19: The vacuum-insulated switching device according to claim 18, wherein said insulating transmission element can be pivoted to an intermediate position, which represents a disconnected position, with said flexible electrical conductor being decoupled from said moving contact.

20: The vacuum-insulated switching device according to claim 18, wherein said insulating transmission element can be pivoted to a limit position, in which a conductive connection is formed to said grounded vacuum vessel.

21: The vacuum-insulated switching device according to claim 13, wherein said vacuum-tight bushings are formed from a ceramic material, and have joints to said grounded vacuum vessel being metallized.

22: The vacuum-insulated switching device according to claim 13, wherein said insulating transmission element is formed from a ceramic material.
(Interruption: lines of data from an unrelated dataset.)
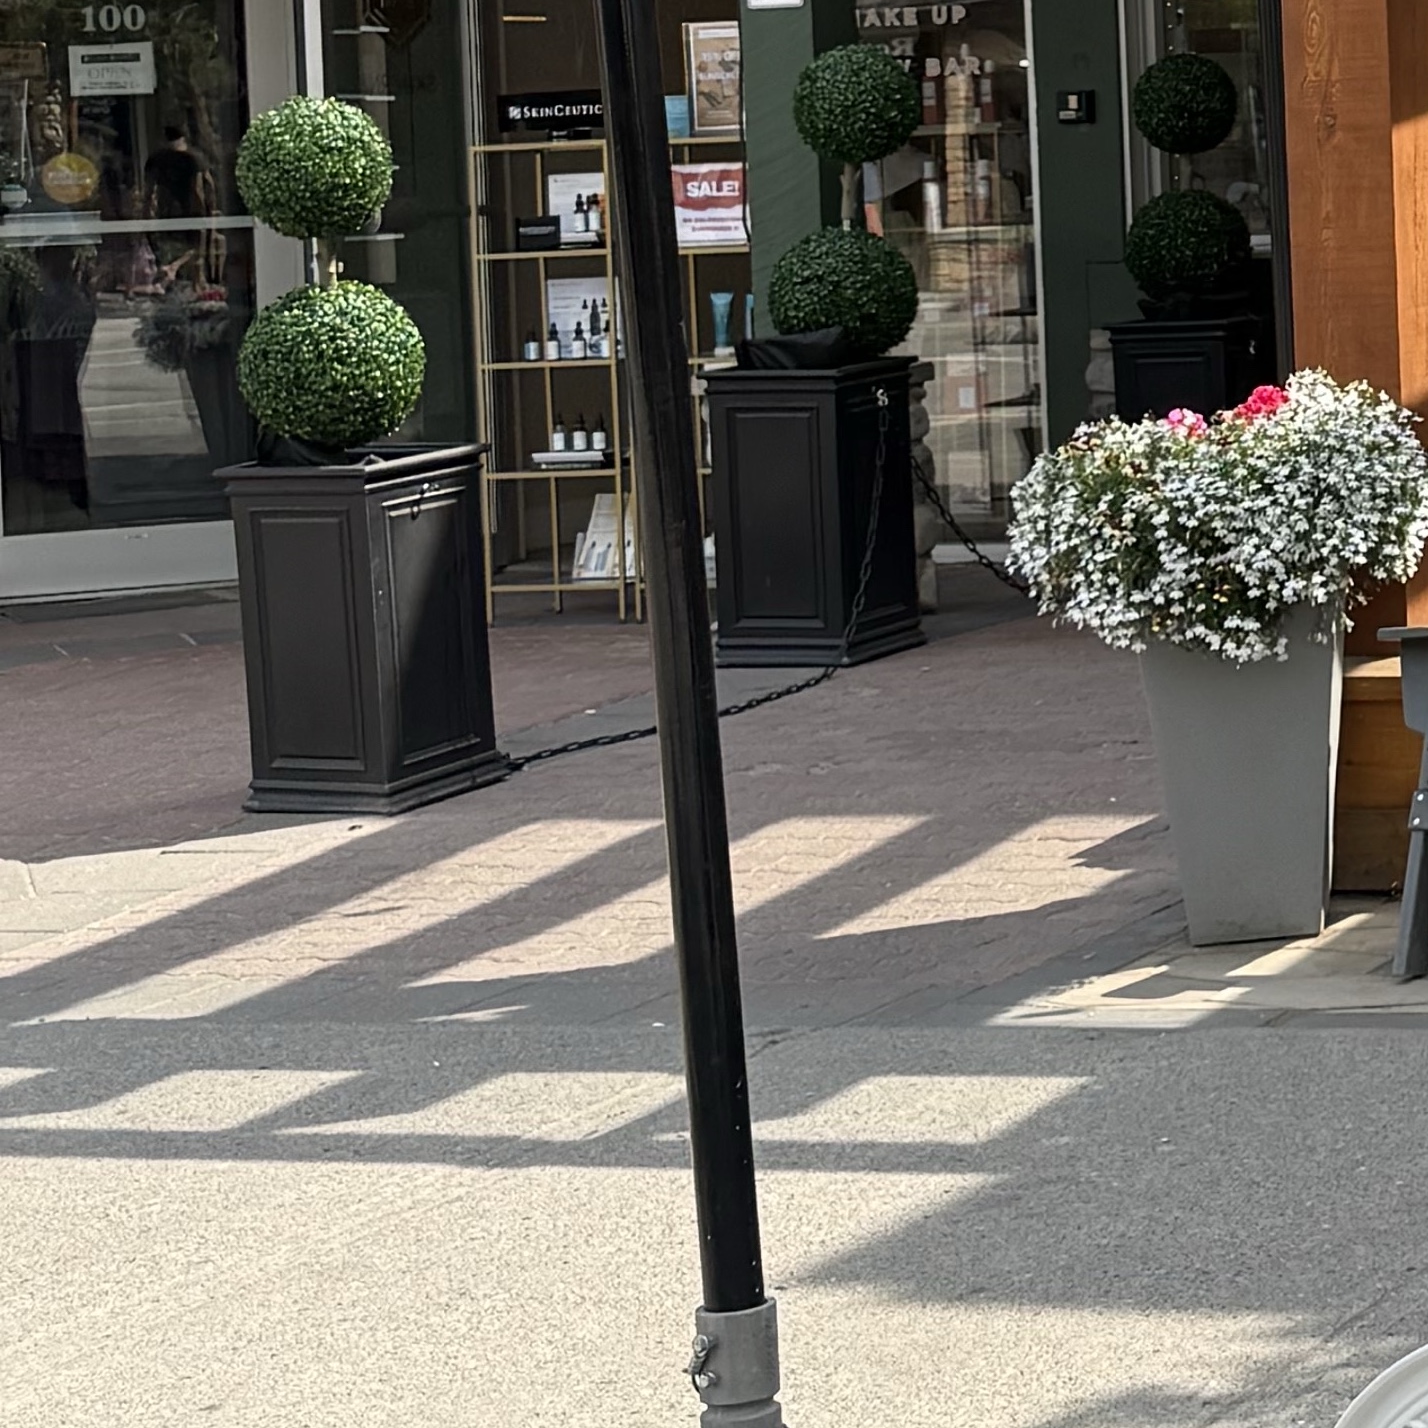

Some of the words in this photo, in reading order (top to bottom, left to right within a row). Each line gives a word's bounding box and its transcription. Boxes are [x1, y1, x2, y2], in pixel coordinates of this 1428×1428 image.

[81, 3, 146, 33] 100
[930, 4, 967, 26] UP
[685, 180, 740, 198] SALE!
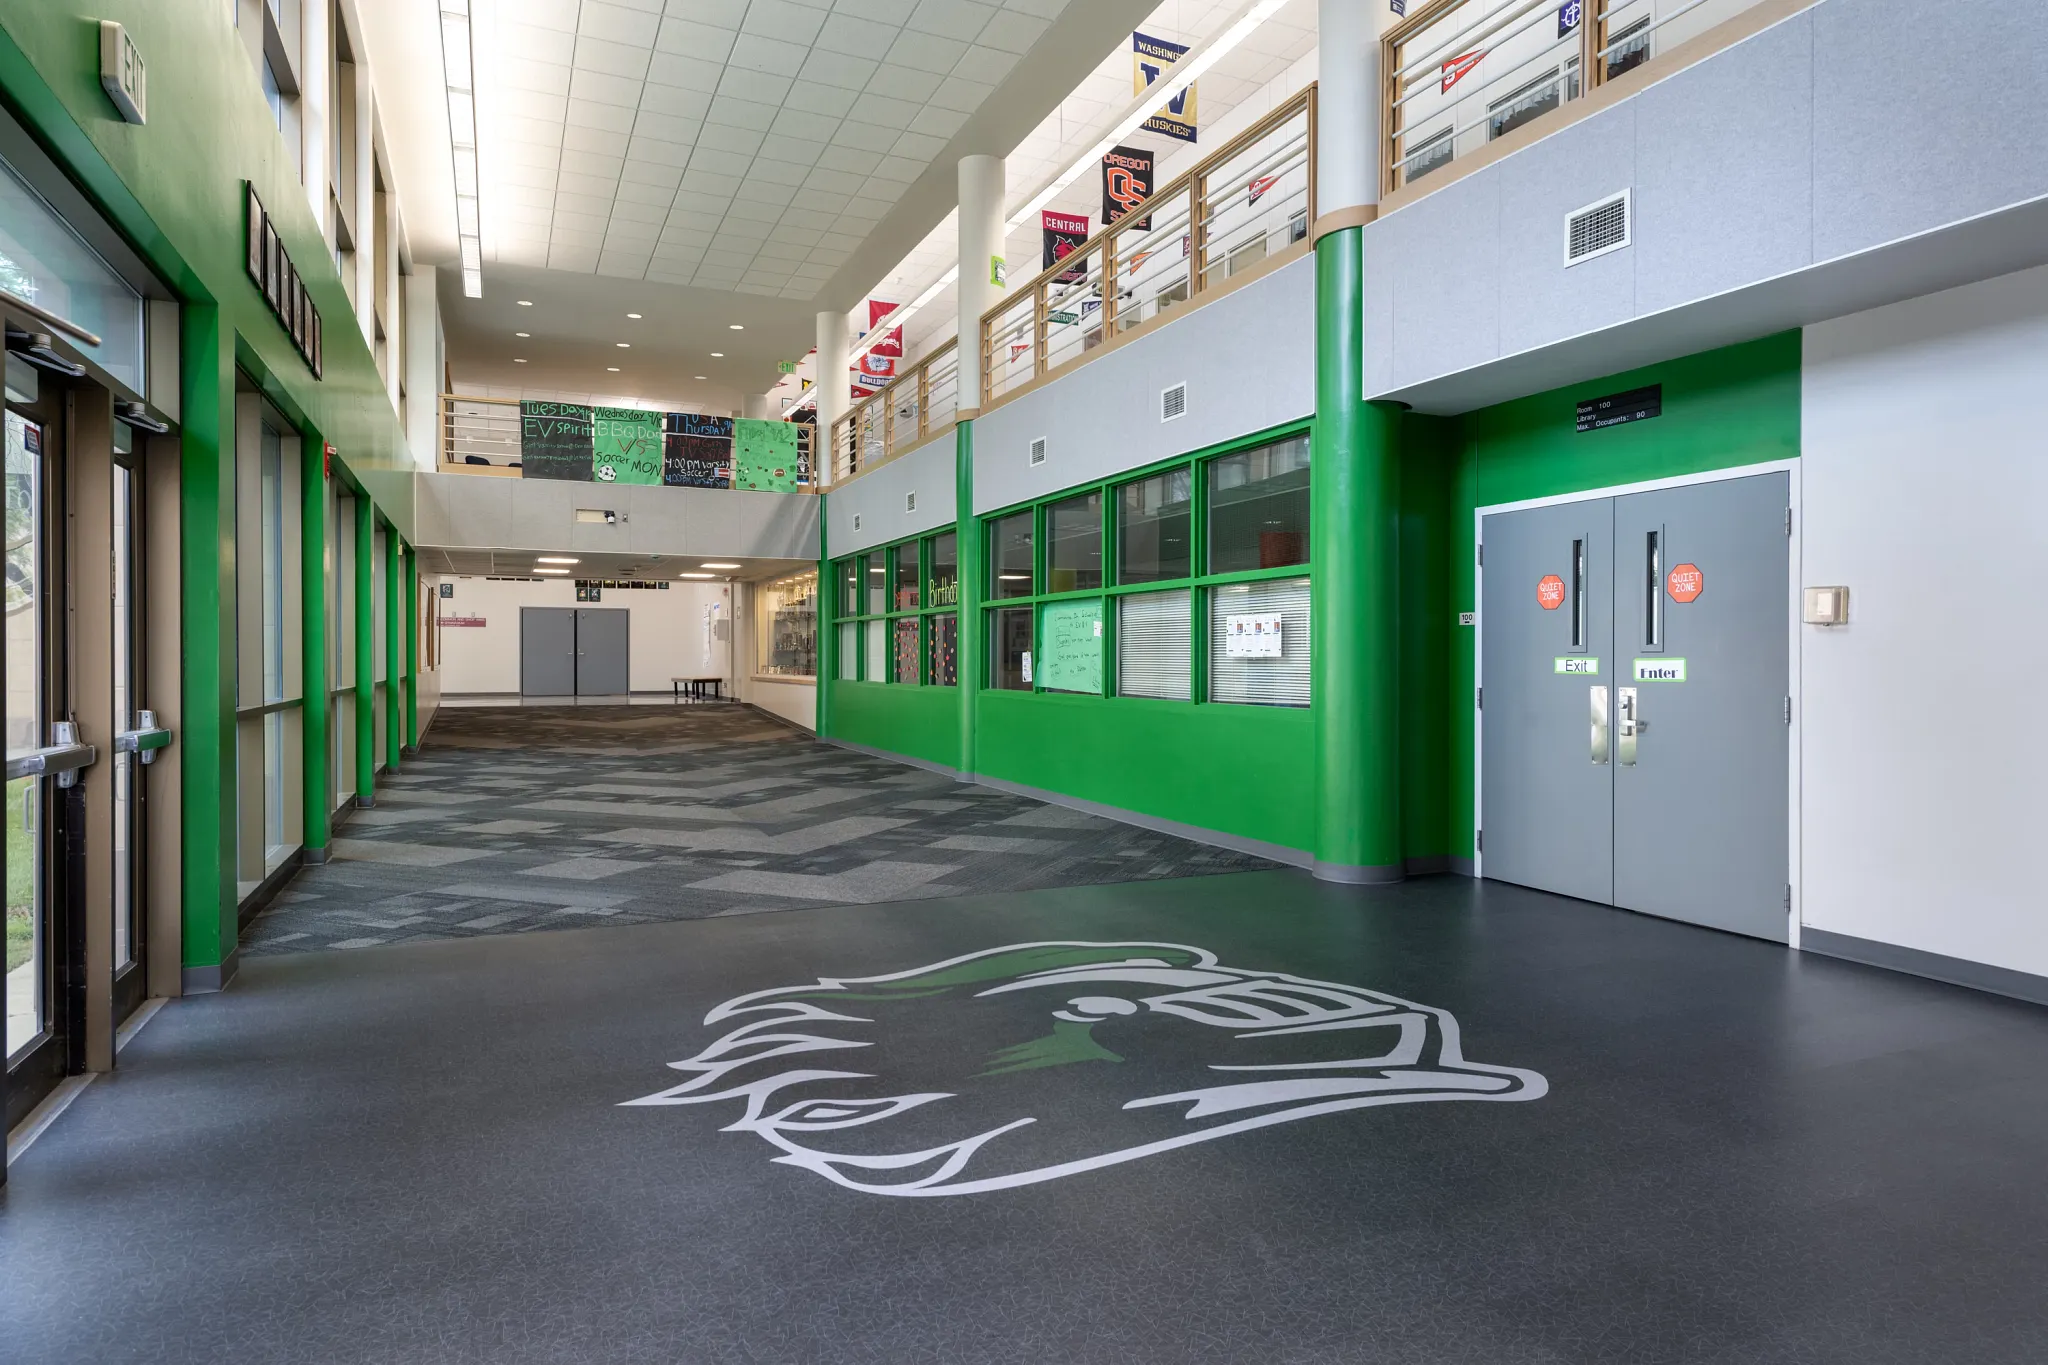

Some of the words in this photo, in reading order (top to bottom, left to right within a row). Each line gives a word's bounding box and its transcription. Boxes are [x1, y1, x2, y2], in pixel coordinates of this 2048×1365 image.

[125, 33, 144, 115] EXIT
[1144, 118, 1188, 137] HUSKIES
[1104, 152, 1150, 172] OREGON
[1046, 216, 1086, 233] CENTRAL
[781, 362, 794, 373] EXIT
[594, 406, 645, 420] Wednesday
[1577, 406, 1592, 414] Room
[1599, 401, 1611, 409] 100
[1577, 413, 1596, 423] Library
[524, 418, 554, 438] EV
[595, 451, 630, 465] Soccer
[665, 458, 686, 469] 4:00
[687, 460, 700, 470] PM
[1671, 572, 1700, 584] QUIET
[1540, 582, 1563, 592] QUIET
[1675, 582, 1696, 593] ZONE
[1543, 592, 1559, 601] ZONE
[1461, 613, 1473, 621] 100
[1565, 659, 1588, 672] Exit
[1640, 668, 1679, 679] Enter
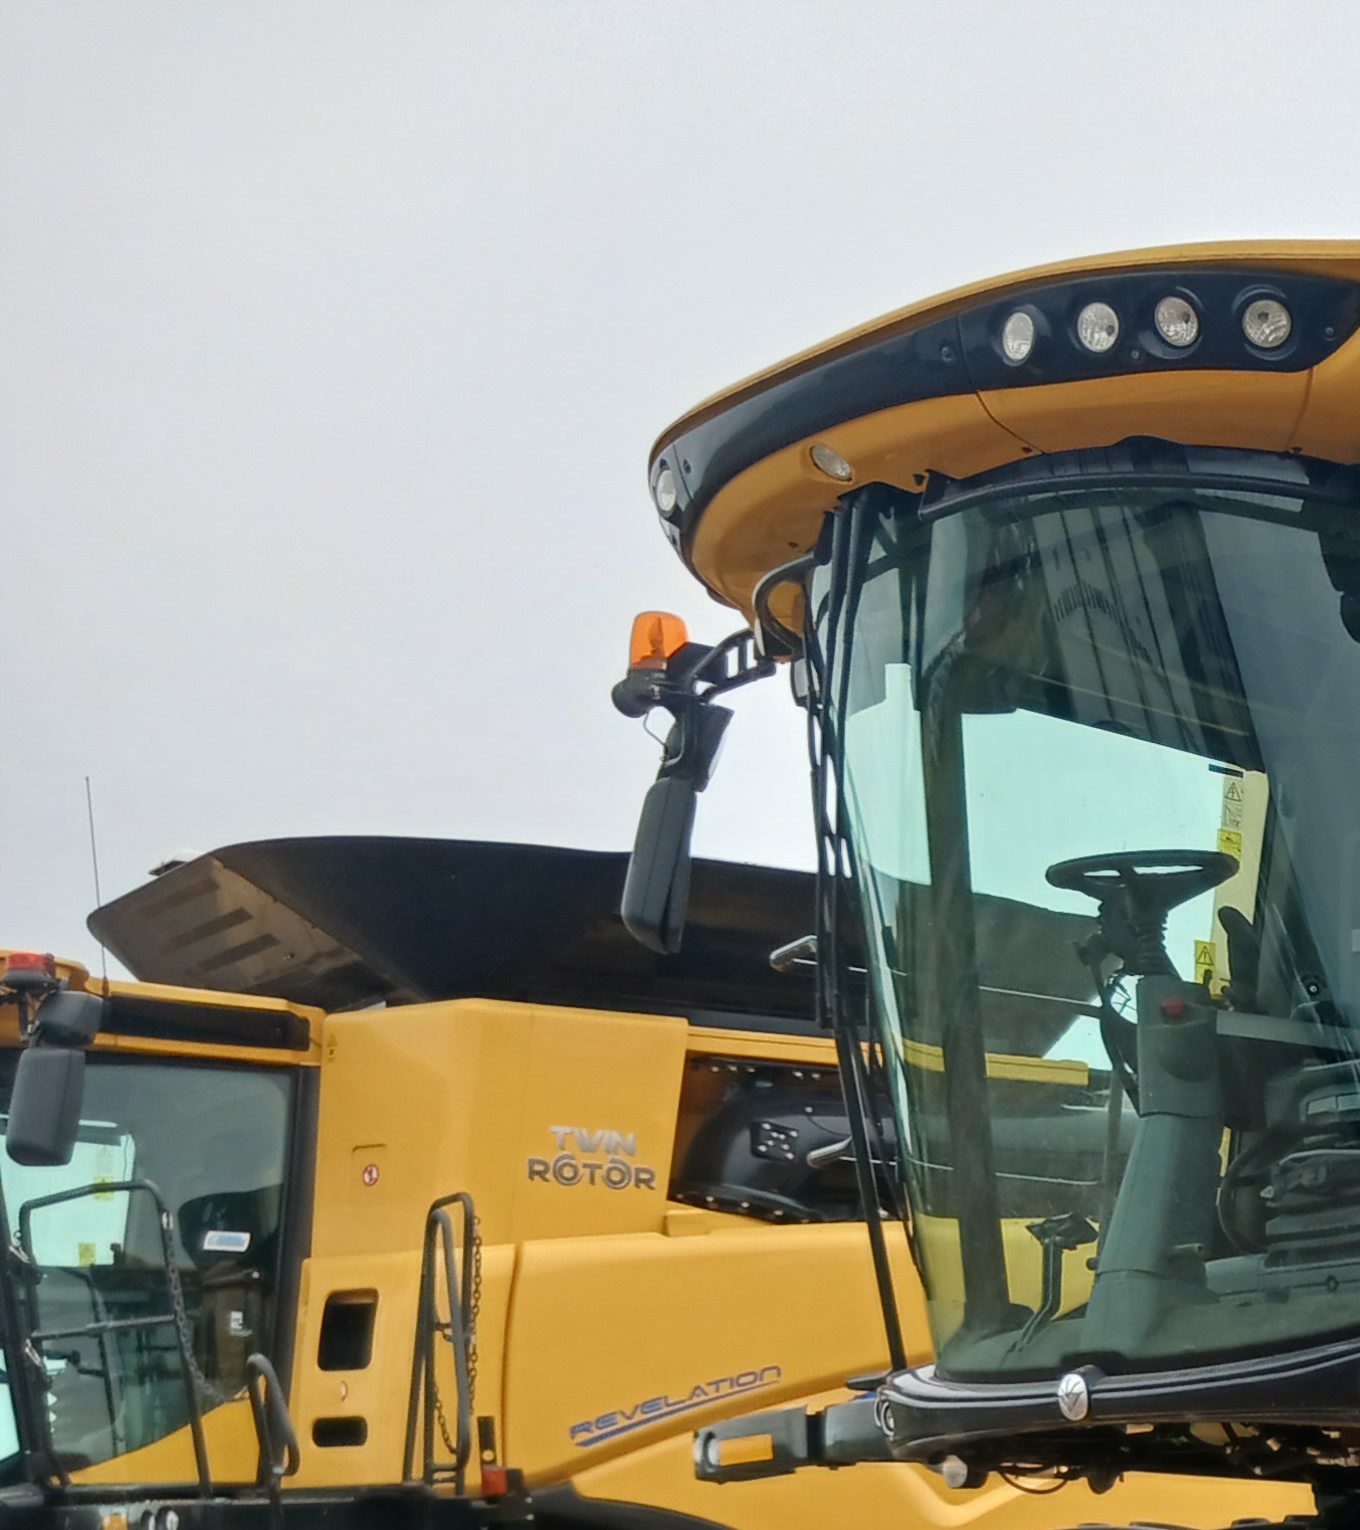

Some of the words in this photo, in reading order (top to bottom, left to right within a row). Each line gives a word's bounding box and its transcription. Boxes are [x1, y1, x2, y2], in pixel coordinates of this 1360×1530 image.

[550, 1125, 637, 1157] TWIN
[526, 1151, 657, 1190] ROTOR
[569, 1365, 782, 1441] REVELATION
23: The vacuum-insulated switching device according to claim 21, wherein said ceramic material is Al2O3.

24: The vacuum-insulated switching device according to claim 22, wherein said ceramic material is Al2O3.

25: The vacuum-insulated switching device according to claim 13, further comprising bellows, said vacuum-tight connection of said drive apparatus and said insulating transmission element is formed by said bellows.